Available records below:

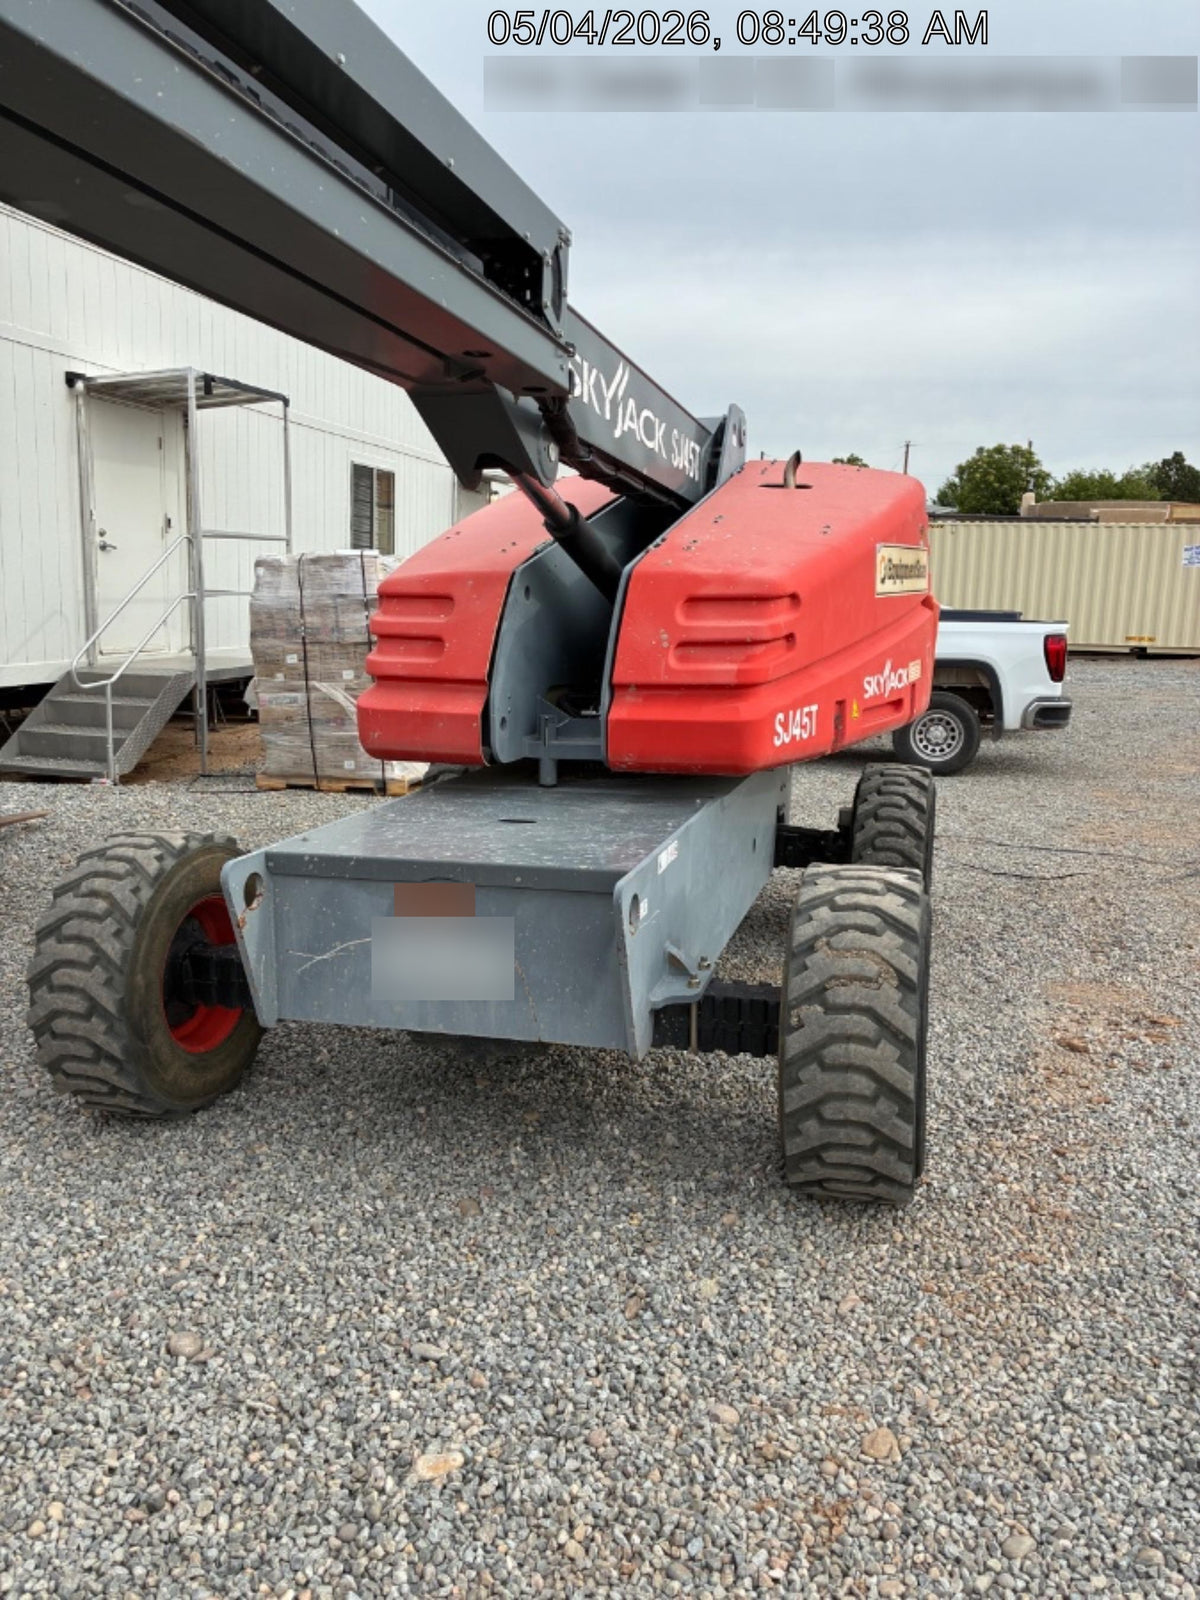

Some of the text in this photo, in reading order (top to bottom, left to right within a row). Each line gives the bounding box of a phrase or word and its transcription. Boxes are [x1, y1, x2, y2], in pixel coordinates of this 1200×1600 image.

[567, 353, 701, 482] SKYJACK SJ45T
[773, 704, 819, 747] SJ45T
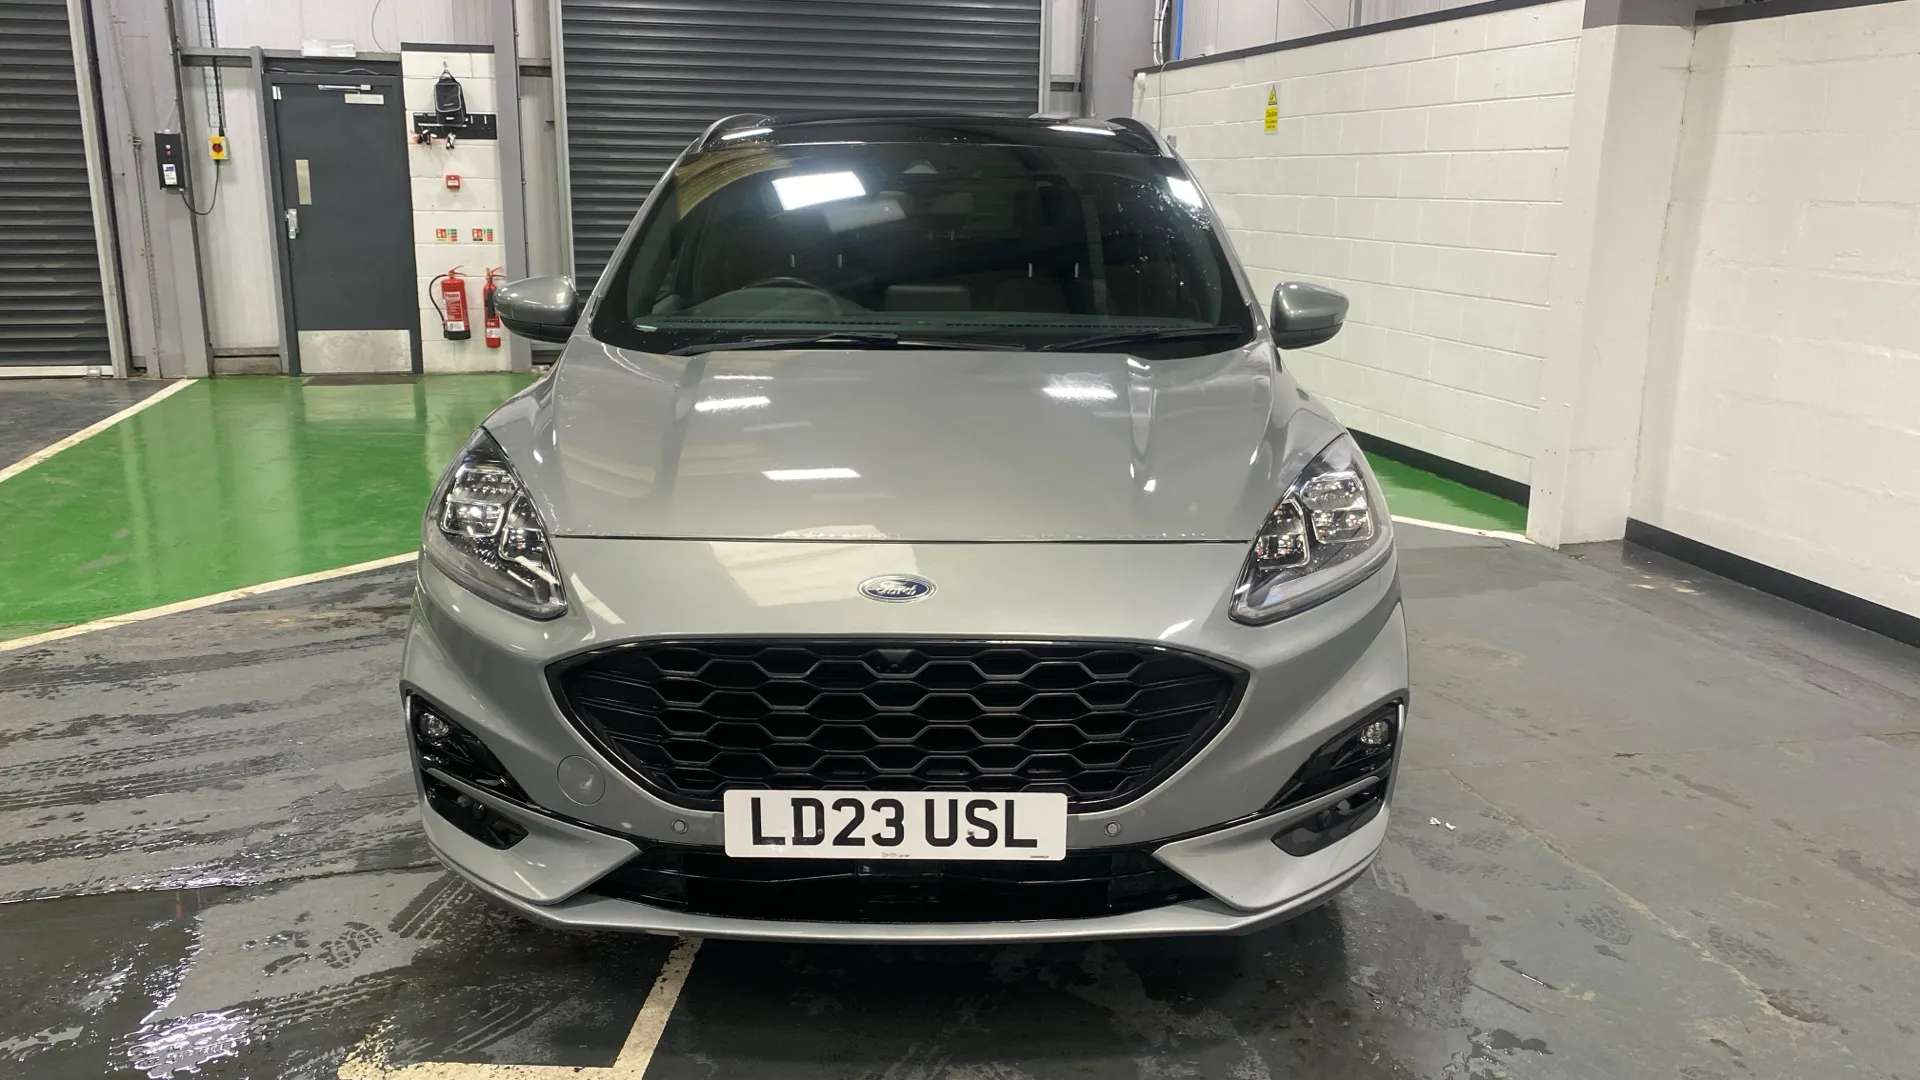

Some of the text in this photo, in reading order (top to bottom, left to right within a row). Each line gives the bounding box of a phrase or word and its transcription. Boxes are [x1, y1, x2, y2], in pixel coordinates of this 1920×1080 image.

[878, 580, 917, 595] Ford
[751, 797, 1038, 849] LD23 USL
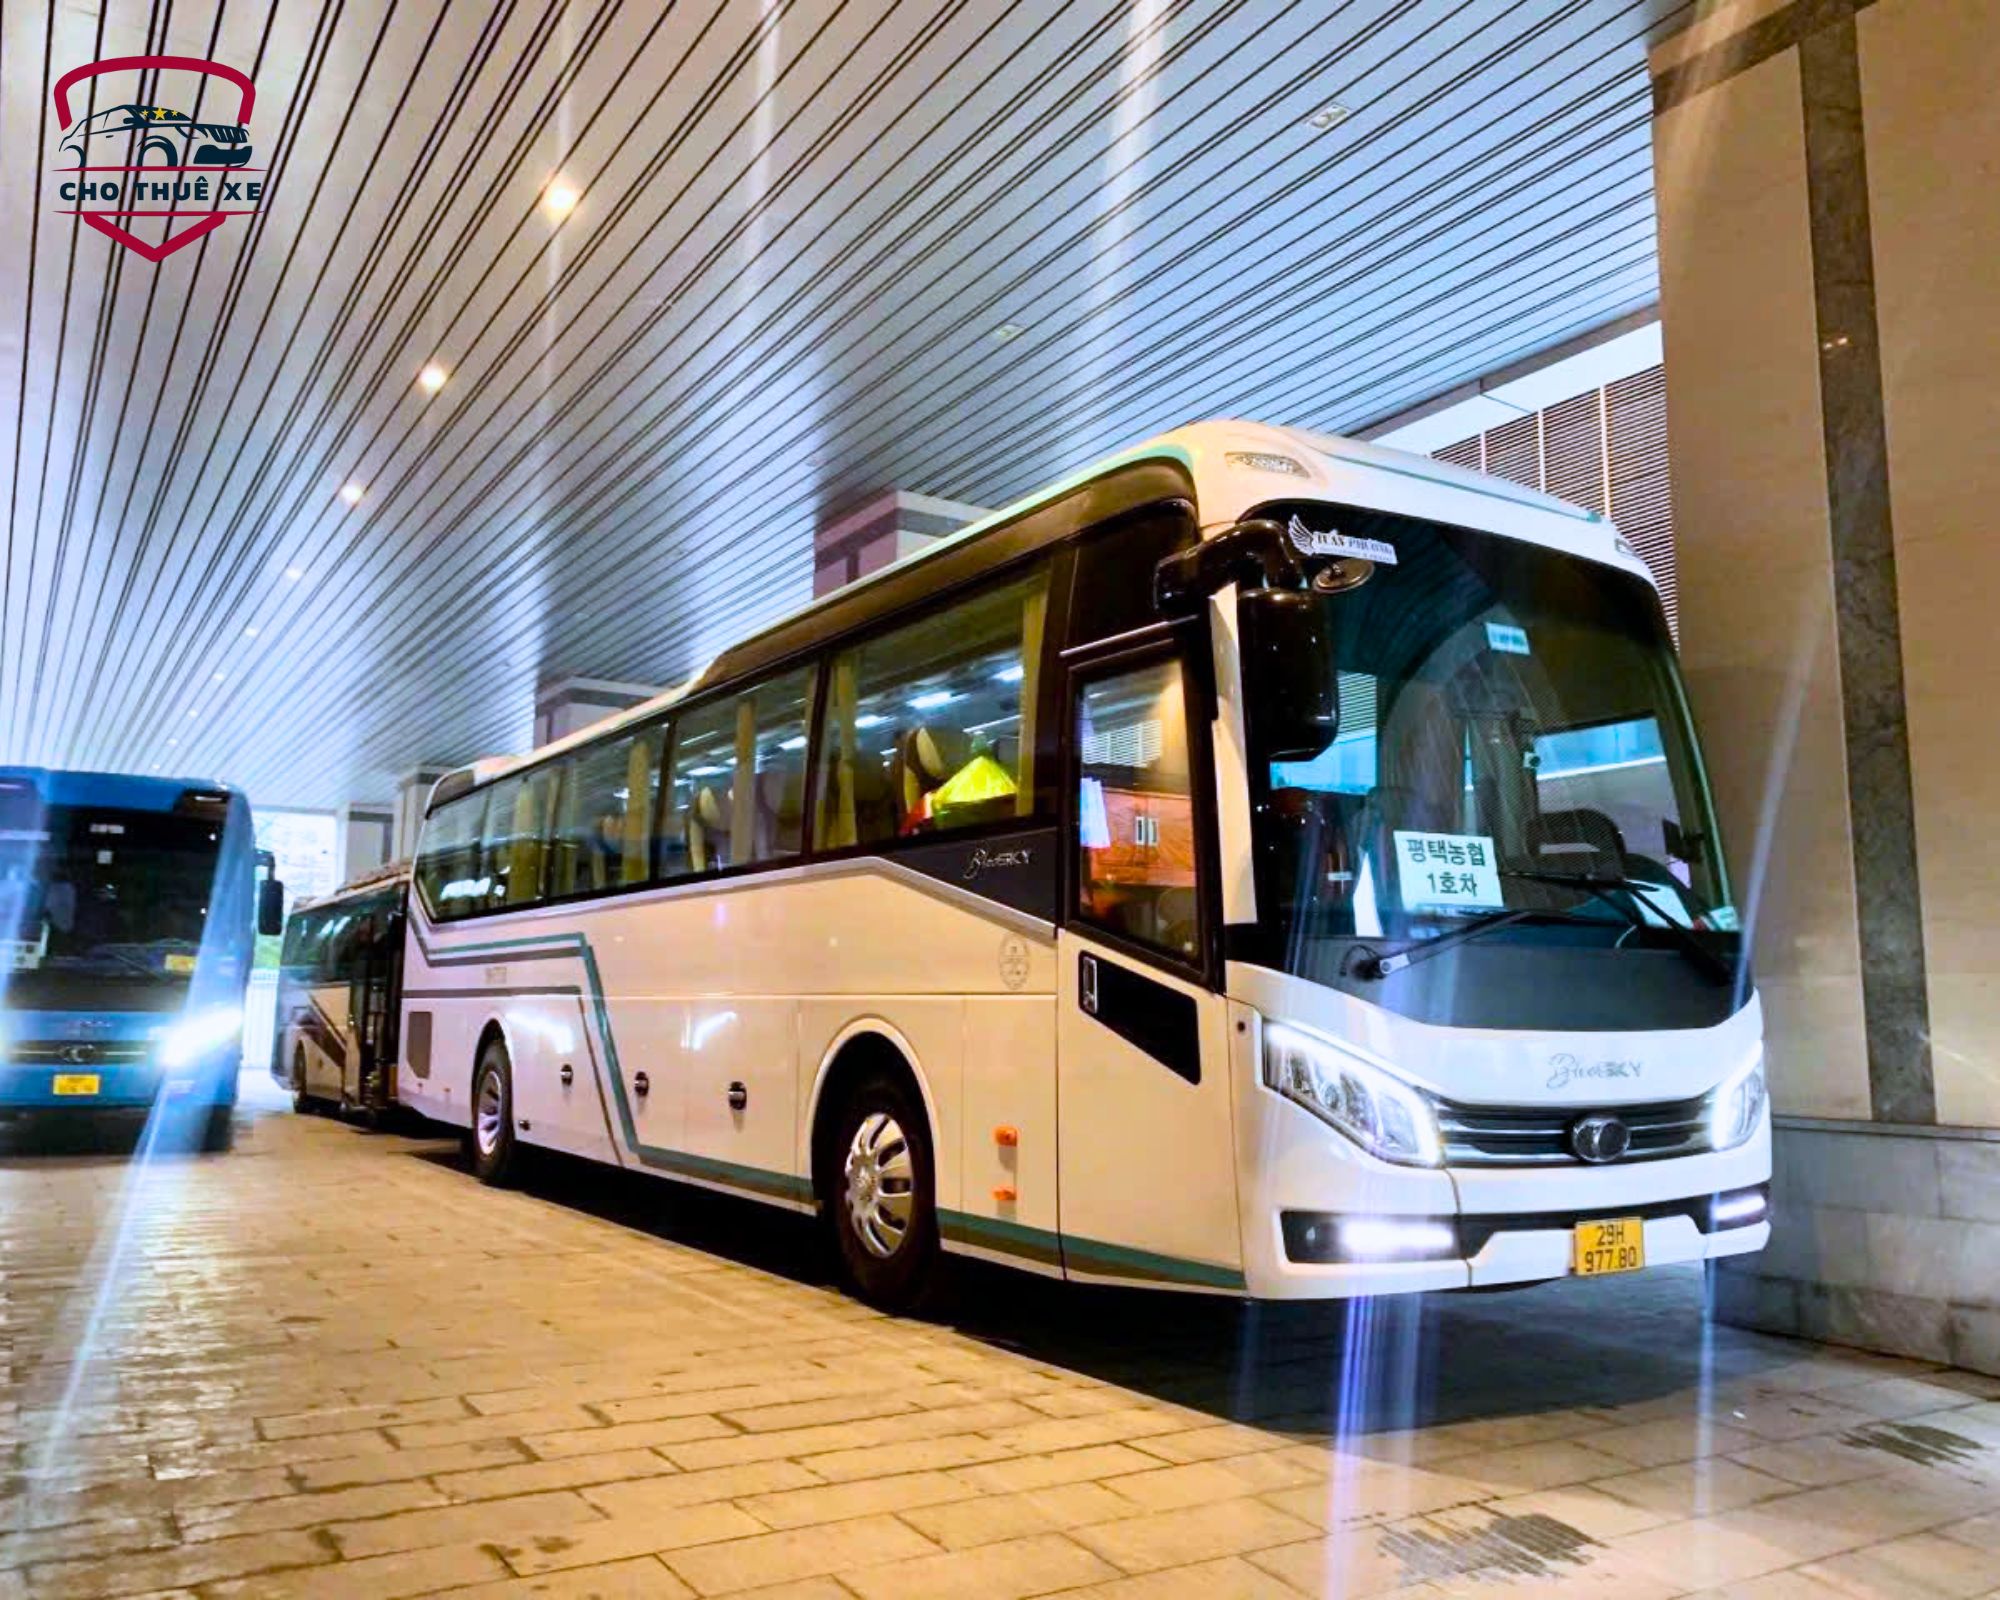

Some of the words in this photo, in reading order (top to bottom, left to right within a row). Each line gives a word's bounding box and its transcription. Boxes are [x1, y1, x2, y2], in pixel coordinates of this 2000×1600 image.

[1406, 839, 1486, 867] 평택농협
[1427, 871, 1477, 897] 1호차
[1596, 1223, 1625, 1246] 29H

End of Available records.

**What you have to do:** In the records, the line containing "this 1920×1080 image." starts the span and the final line ends it. Output exactly that span, both ends included, with no pictures and nothing else.

**Task output:**
Some of the text in this photo, in reading order (top to bottom, left to right within a row). Each line gives the bounding box of a phrase or word and its transcription. Boxes are [x1, y1, x2, y2], in pixel coordinates of this 1920×1080 image.

[878, 580, 917, 595] Ford
[751, 797, 1038, 849] LD23 USL

Some of the words in this photo, in reading order (top to bottom, left to right within a row). Each line gives a word's bounding box and its transcription. Boxes are [x1, y1, x2, y2], in pixel coordinates of this 2000×1600 image.

[1406, 839, 1486, 867] 평택농협
[1427, 871, 1477, 897] 1호차
[1596, 1223, 1625, 1246] 29H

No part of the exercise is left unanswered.